Enquanto a polêmica sobre a diplomação ou não de Tiririca como deputado ganha as ruas, o analfabetismo como problema social ainda não foi citado em debates televisivos no segundo turno. Entre os concorrentes à Presidência, o tema foi brevemente tratado no primeiro turno, quando Marina Silva (PV) comentava que não sabia ler até os 16 anos. Nas poucas vezes em que foram questionados pela então candidata, Dilma e Serra não se aprofundaram em propostas, limitando as respostas ao “vou investir em educação”. Quase esquecido pelos adversários, o mundo dos analfabetos diminui a passos lentos. Em relação a 2008, o índice do ano passado mostra redução de apenas 0,3 ponto percentual na taxa de analfabetos com mais de 15 anos.
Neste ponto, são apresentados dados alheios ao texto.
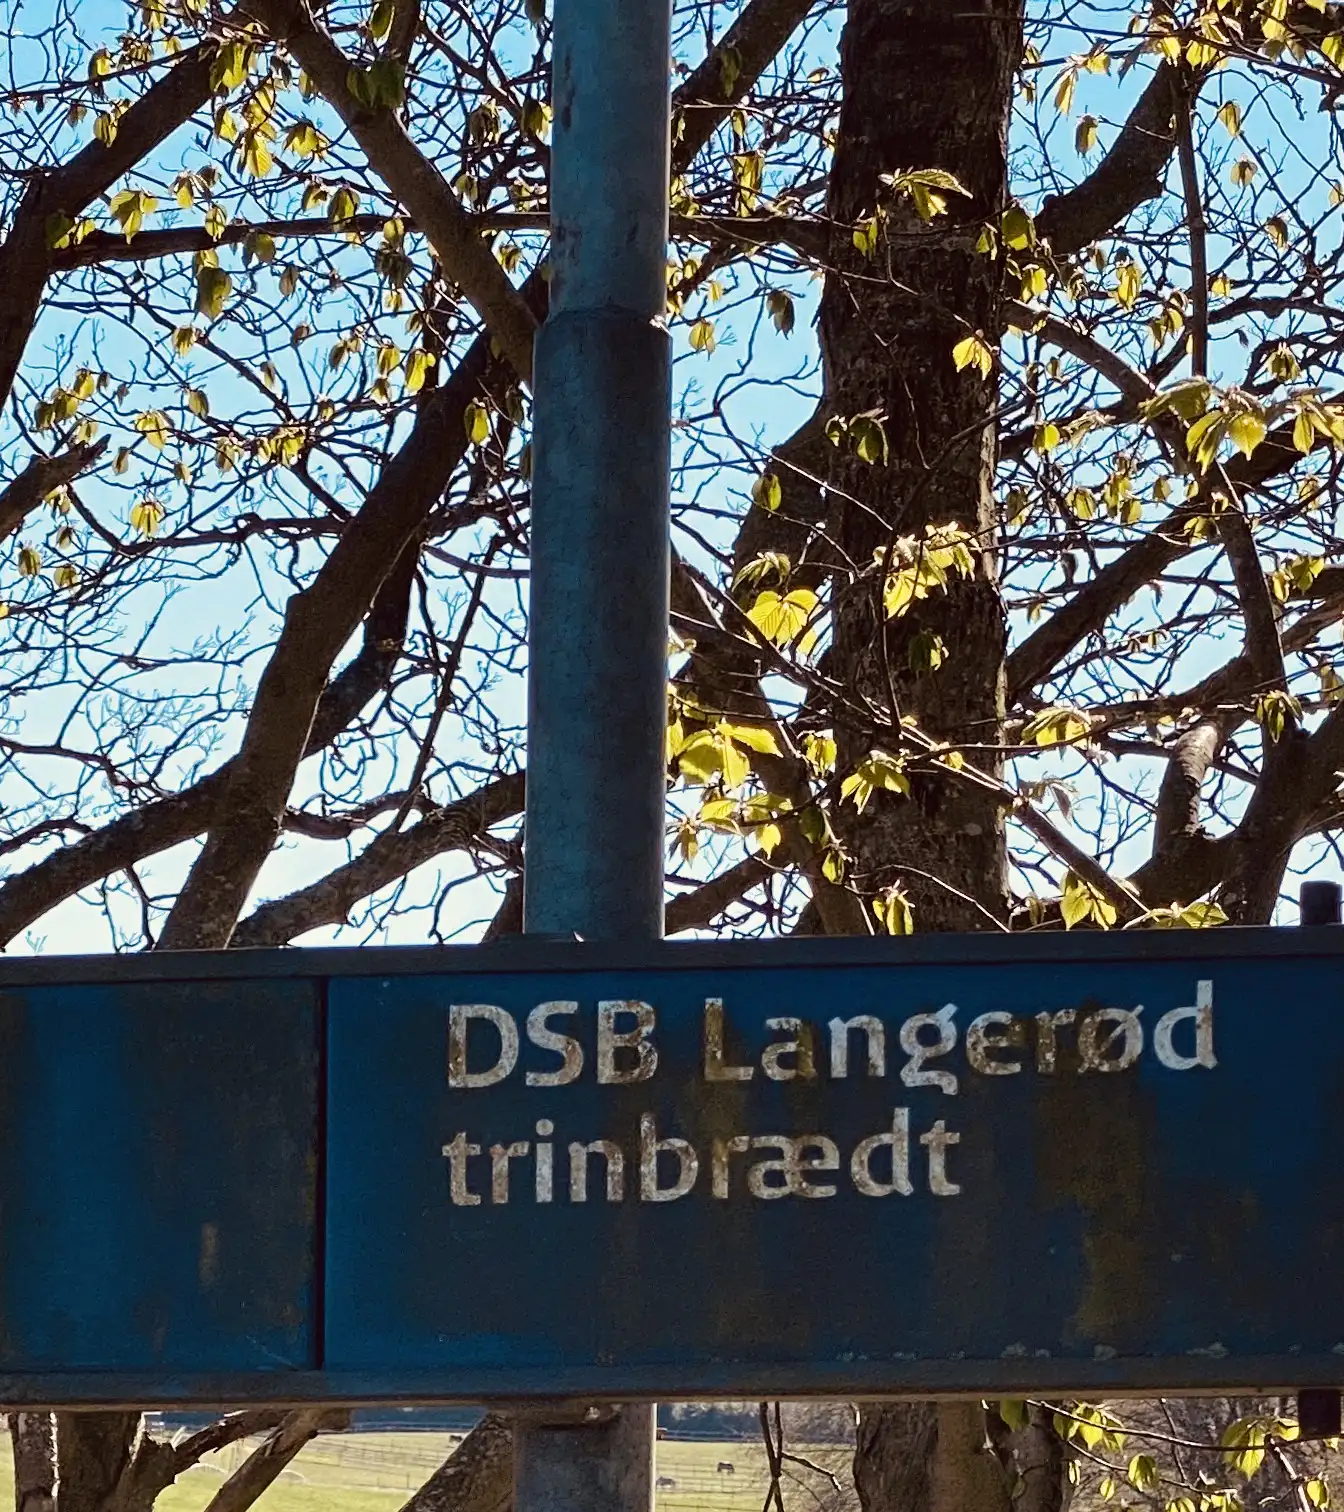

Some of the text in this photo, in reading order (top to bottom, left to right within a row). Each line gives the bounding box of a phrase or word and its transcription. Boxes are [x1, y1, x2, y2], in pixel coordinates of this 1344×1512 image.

[447, 979, 1219, 1096] DSB Langerød
[441, 1106, 963, 1207] trinbrædt
Se depender da velocidade de queda na taxa, o cumprimento das metas para o fim do analfabetismo no país exigirá esforços extras. Segundo acordo com a Organização das Nações Unidas para a Educação, a Ciência e a Cultura (Unesco), em 2015 o Brasil deverá ter 6,7% de iletrados. Mas, se o ritmo de redução dos últimos anos for mantido, em 2015 o país ainda registrará 7,9% de analfabetos. Há ainda outra meta: o Plano Brasil 2022, do governo federal, prevê que o problema social esteja erradicado em 2022. Mas especialistas da área não acreditam que a conquista seja comemorada no prazo e alertam que o resultado dependerá de mais investimento na área. “Se não houver mais compromisso e seriedade dos gestores, só a biologia se encarregará em acabar com os analfabetos. Ou seja, quando eles morrerem, teremos estatísticas melhores. É uma vergonha”, comenta o senador Cristóvam Buarque (PDT).
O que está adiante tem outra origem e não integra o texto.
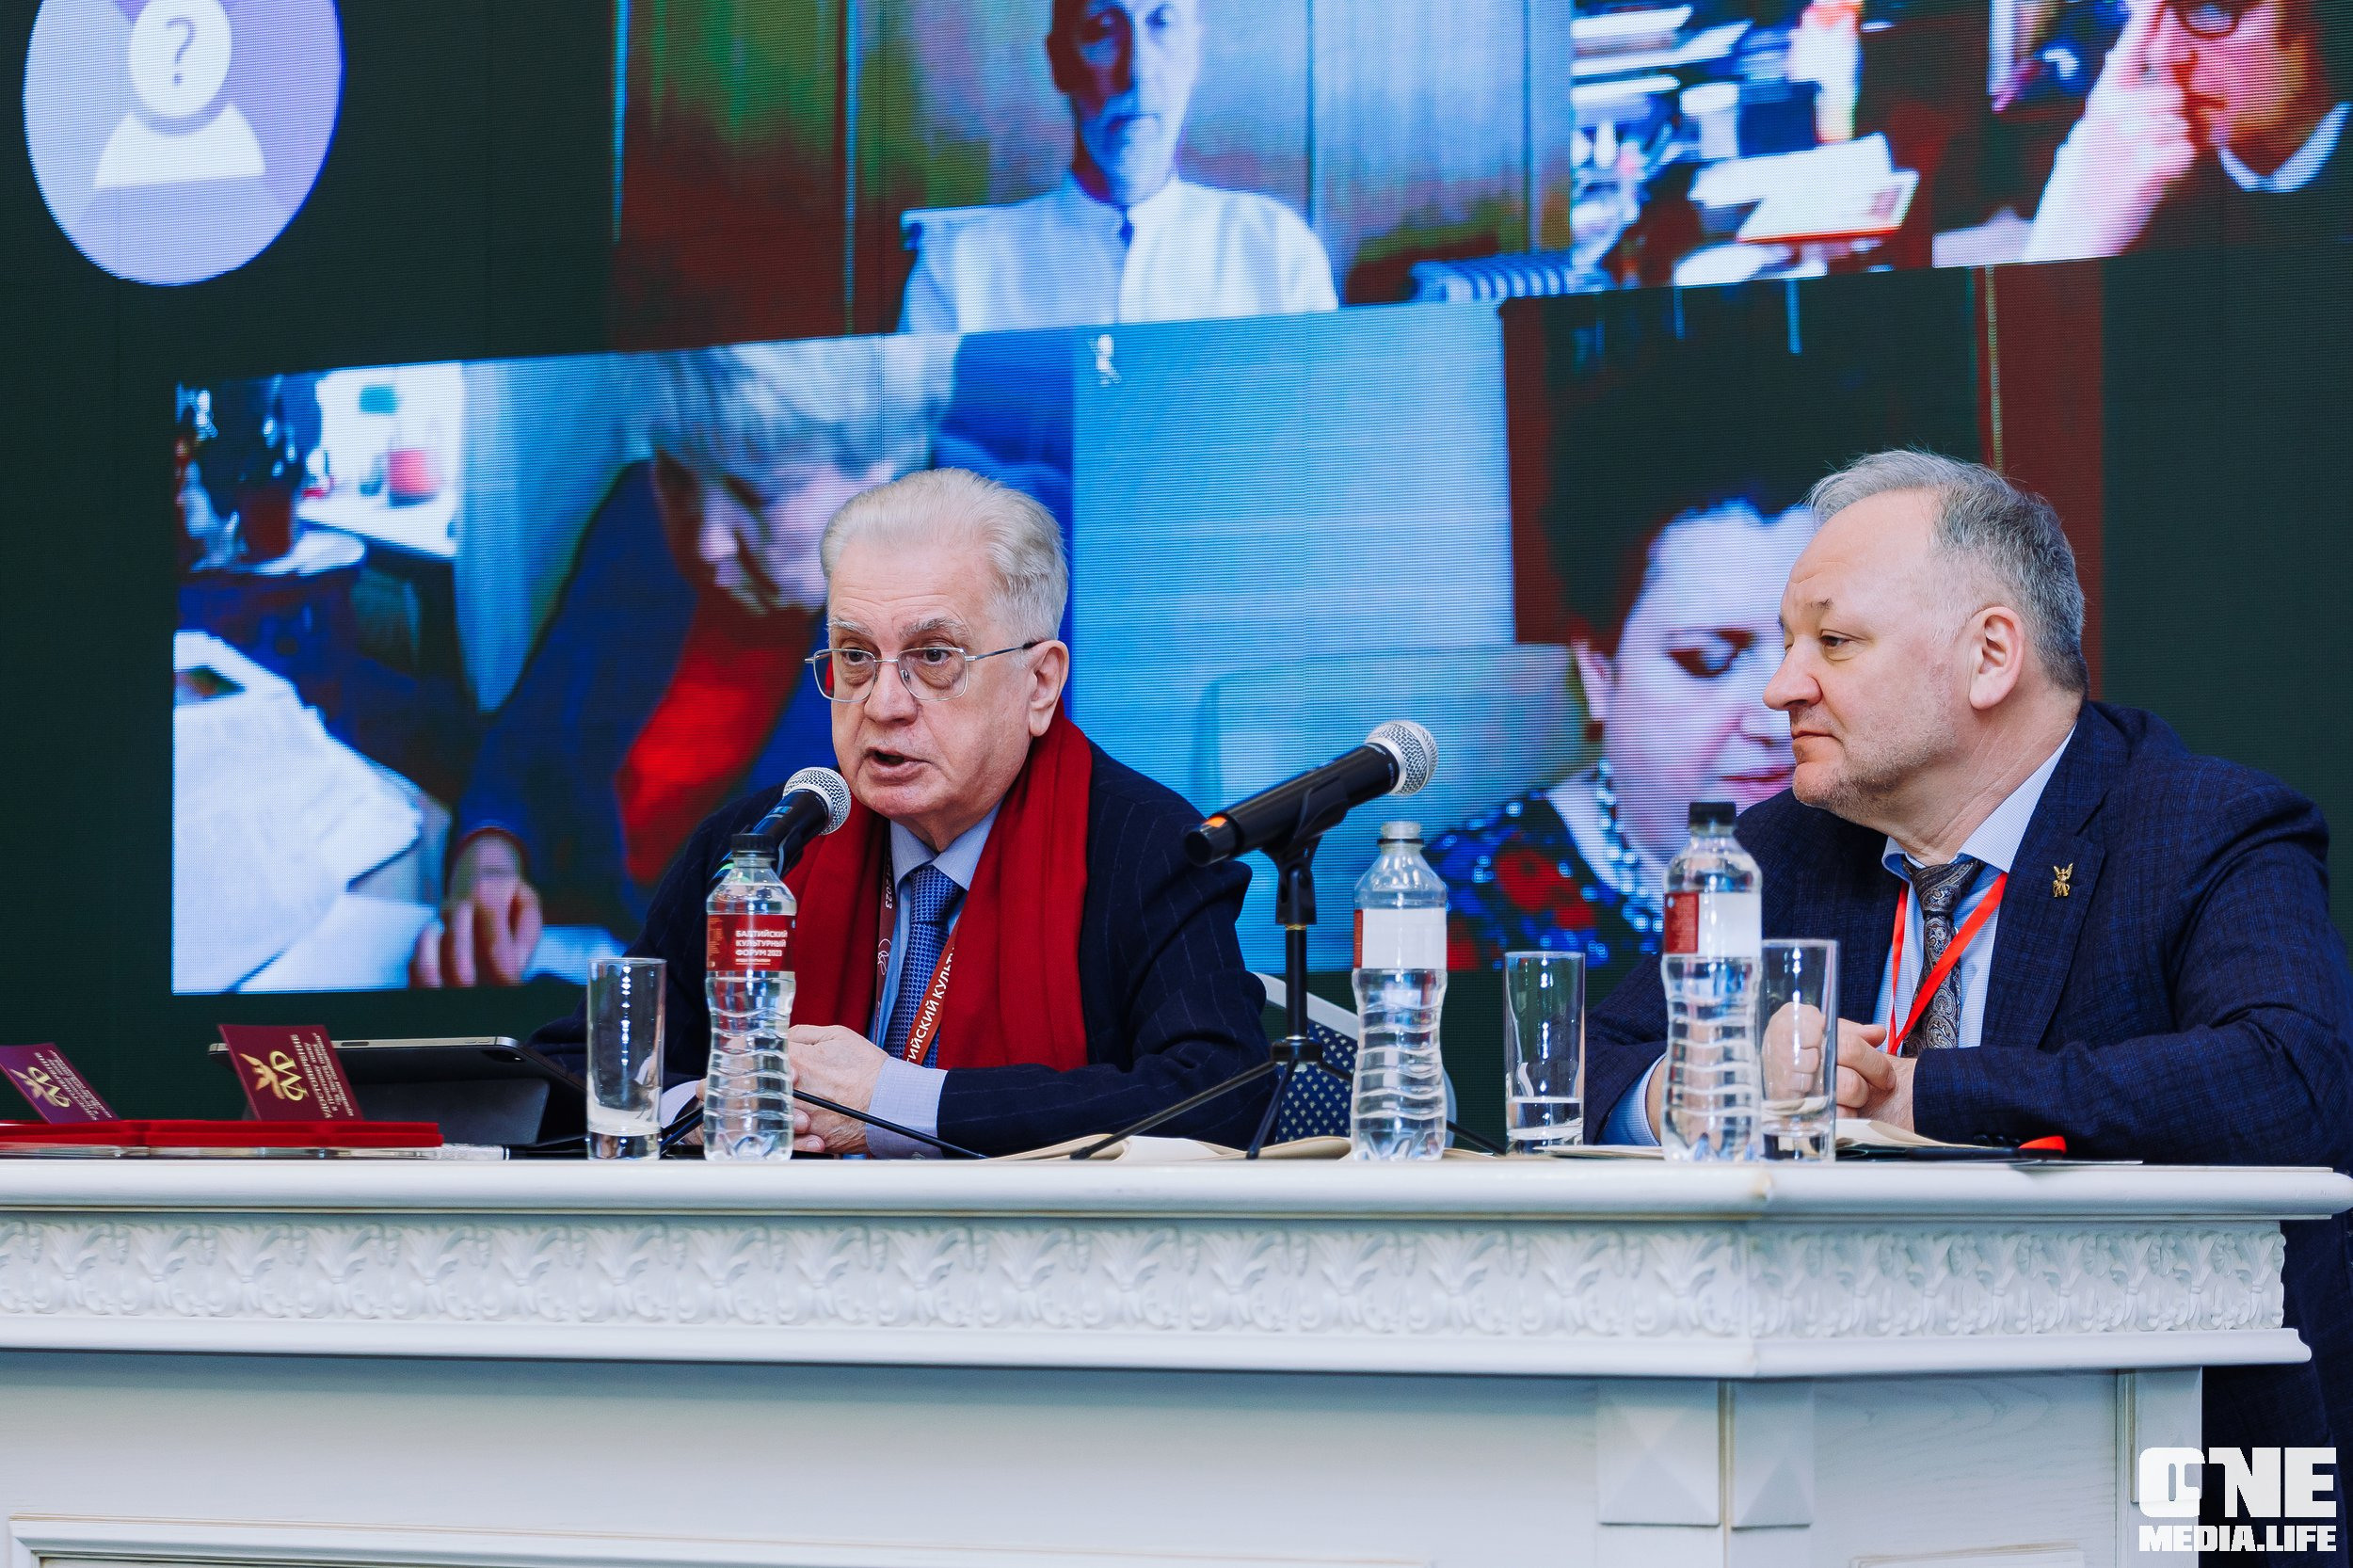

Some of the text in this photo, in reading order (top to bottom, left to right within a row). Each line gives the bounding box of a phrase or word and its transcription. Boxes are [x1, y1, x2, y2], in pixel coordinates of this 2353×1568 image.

[735, 929, 788, 937] БАЛТИЙСКИЙ
[735, 939, 787, 948] КУЛЬТУРНЫЙ
[289, 1033, 333, 1118] УДОСТОВЕРЕНИЕ
O fim do governo de Luiz Inácio Lula da Silva (PT) pode receber a amarga notícia para os petistas de ter avançado menos do que a gestão de Fernando Henrique Cardoso (PSDB) no combate ao analfabetismo. Em 1995, primeiro ano do tucano, havia 15,6% de iletrados no Brasil, segundo a Pnad. O ex-presidente terminou o mandato em 2002 com 11,8%, registrando queda de 3,8 ponto percentual em oito anos. Já no começo do governo Lula, em 2003, o país tinha 11,6% de analfabetos. O último levantamento, em 2009, apontou 9,7%. Em sete anos de PT, o índice caiu 1,9 ponto percentual.

Comparação

A lenta redução coloca o Brasil entre os piores índices percentuais de analfabetos da América Latina. Segundo estatísticas da Comissão Econômica para América Latina e Caribe (Cepal), de 2005, quando havia 11,1% de iletrados no Brasil. O país estava atrás de países mais pobres, como Barbados, Belize, Paraguai e Trinidade e Tobago, em números de alfabetizados. E, se as taxas de outros países se alteraram pouco, possivelmente a posição brasileira no ranking não deve ter melhorado com a queda nos últimos anos. Em 2005, o Peru estava à frente do Brasil com 8,4%. Cinco anos depois, o país continuaria atrás, com 9,7%.

A alfabetizadora da rede municipal de ensino de Belo Horizonte Roselene Ferreira, integrante da coordenação do EJA na Escola Municipal Deputado Milton Salles, acrescenta que a alfabetização deve ser vista como processo emancipatório. “Antes o analfabeto era visto como incapaz. Hoje é observado como um sujeito com amplo conhecimento que deve ser ampliado”, diz. A aluna Mônica Márcia, de 39, faz parte do grupo do colégio e vibra com os primeiros avanços. “Já sei escrever meu nome, mas ainda tenho de me esforçar.”